Shoval, è un giorno importante per la vostra famiglia: che emozioni ha provato quando ti hanno confermato che lo zio era stato liberato?
“Una gioia indescrivibile a parole, il senso di speranza che abbiamo sempre tenuto acceso in questi terribili mesi ha trovato la ‘pace’. Al tempo stesso, io come tutti i componenti della mia famiglia, siamo rimasti sconvolti dalle prime immagini che hanno mostrato dello zio. Sembra uscito da un lager, immediatamente ho rivisto in lui la foto dei miei nonni quando sono usciti da Auschwitz”.
È molto cambiato?
“È irriconoscibile.
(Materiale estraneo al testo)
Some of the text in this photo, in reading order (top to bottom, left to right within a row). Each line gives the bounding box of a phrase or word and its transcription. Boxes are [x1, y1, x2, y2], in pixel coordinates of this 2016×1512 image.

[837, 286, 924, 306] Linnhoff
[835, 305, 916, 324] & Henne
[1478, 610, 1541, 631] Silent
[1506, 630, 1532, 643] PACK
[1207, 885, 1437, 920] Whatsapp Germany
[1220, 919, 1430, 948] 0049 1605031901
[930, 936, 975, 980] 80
Una delle sue figlie, con cui sono in continuo contatto telefonico, è riuscita ad intercettarlo mentre da Gaza lo portavano in ospedale. È talmente scheletrico che non era sicura fosse suo padre, così magro, scavato e deperito che sembra un’altra persona. Lo zio pratica sport, va in bicicletta, ha 56 anni: mia cugina ha detto che ne dimostra almeno 20 in più, camminava lento”.
È stato torturato?
“A livello fisico no, solo minacciato. Però non davano loro da bere, mangiare, non c’erano i bagni ed è sempre stato tenuto al buio: ecco perché al rilascio aveva gli occhiali da sole, la luce lo avrebbe accecato”.
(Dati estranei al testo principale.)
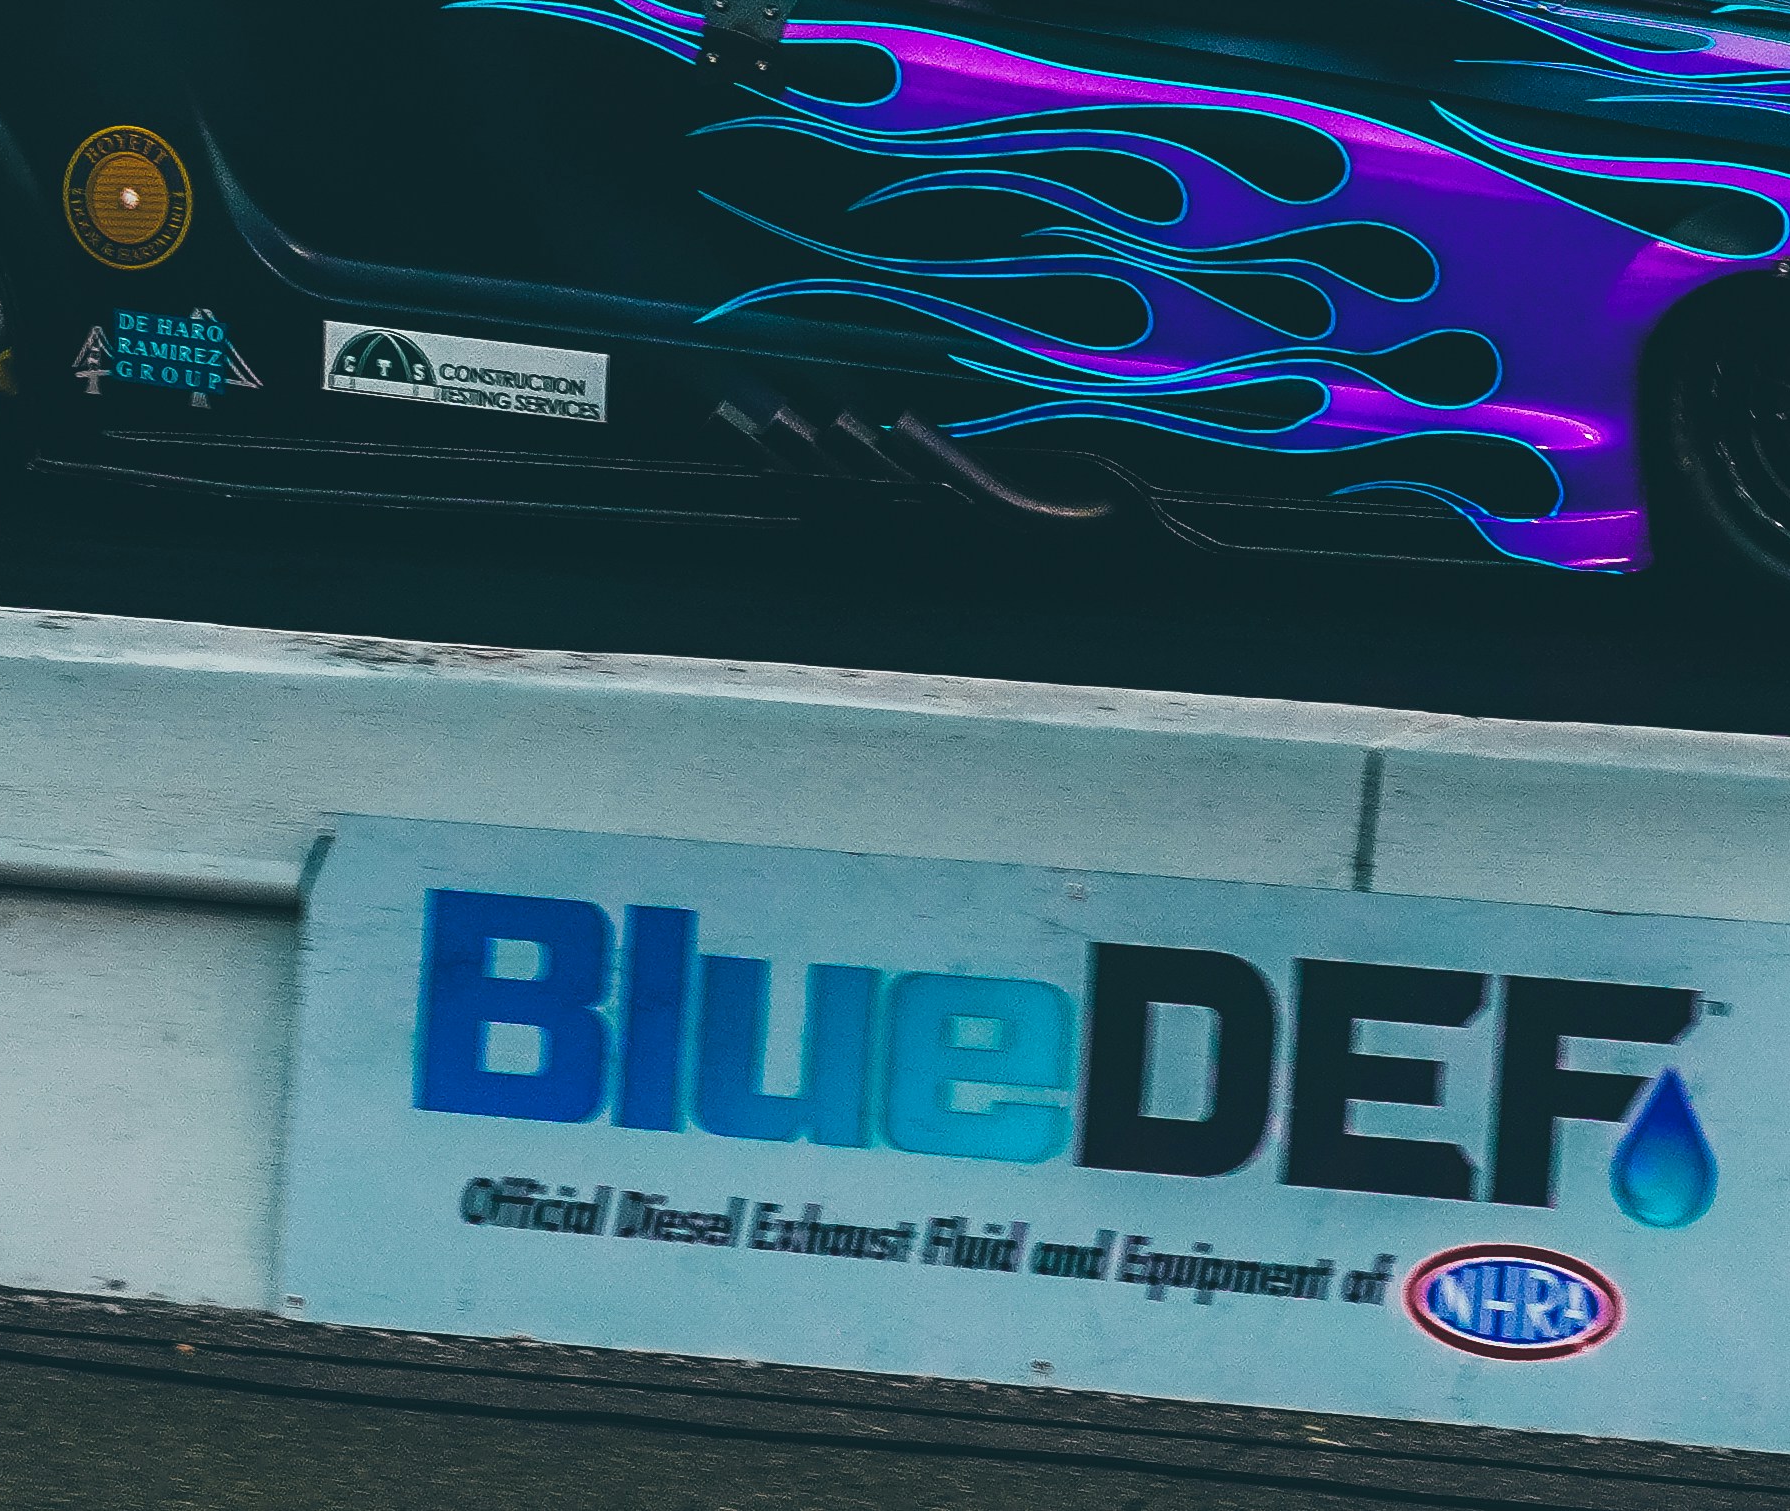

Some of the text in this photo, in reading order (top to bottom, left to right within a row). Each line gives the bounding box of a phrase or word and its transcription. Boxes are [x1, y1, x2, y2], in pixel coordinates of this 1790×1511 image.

[118, 313, 224, 343] DE HARO
[117, 337, 223, 367] RAMIREZ
[115, 360, 222, 390] GROUP
[439, 363, 586, 396] CONSTRUCTION
[440, 386, 600, 420] TESTING SERVICES
[414, 888, 1703, 1210] BlueDEF
[459, 1176, 1397, 1305] Official Diesel Exhaust Fluid and Equipment of
[1424, 1258, 1603, 1346] NHRA
Lei è già riuscito a sentirlo?
“Ancora no, aspetto qualche giorno perché possa riprendersi. Adesso è in ospedale e ci starà almeno per una settimana, devono fargli fari esami. Sono in contatto continuo con mia cugina, una delle sue figlie. Per prima lo ha raggiunto la moglie, zia Raza e hanno fatto una commovente videochiamata con le figlie, poi anche loro lo hanno potuto riabbracciare. Io al massimo tra dieci giorni vado da loro in Israele: voglio vedere lo zio, accertarmi con i miei occhi di come sta e capire come è la situazione”.
Anche sua zia era stata rapita il 7 ottobre 2023…
“I suoi zii sono stati rapiti insieme da Hamas, mentre erano nella loro casa nel Kibbutz di Be’eri, a quattro chilometri da Gaza, erano a letto, hanno sentito dei rumori e poi i terroristi sono entrati nella loro camera da letto, hanno distrutto tutto, portandoli via entrambi, insieme ai soldi e ai documenti”.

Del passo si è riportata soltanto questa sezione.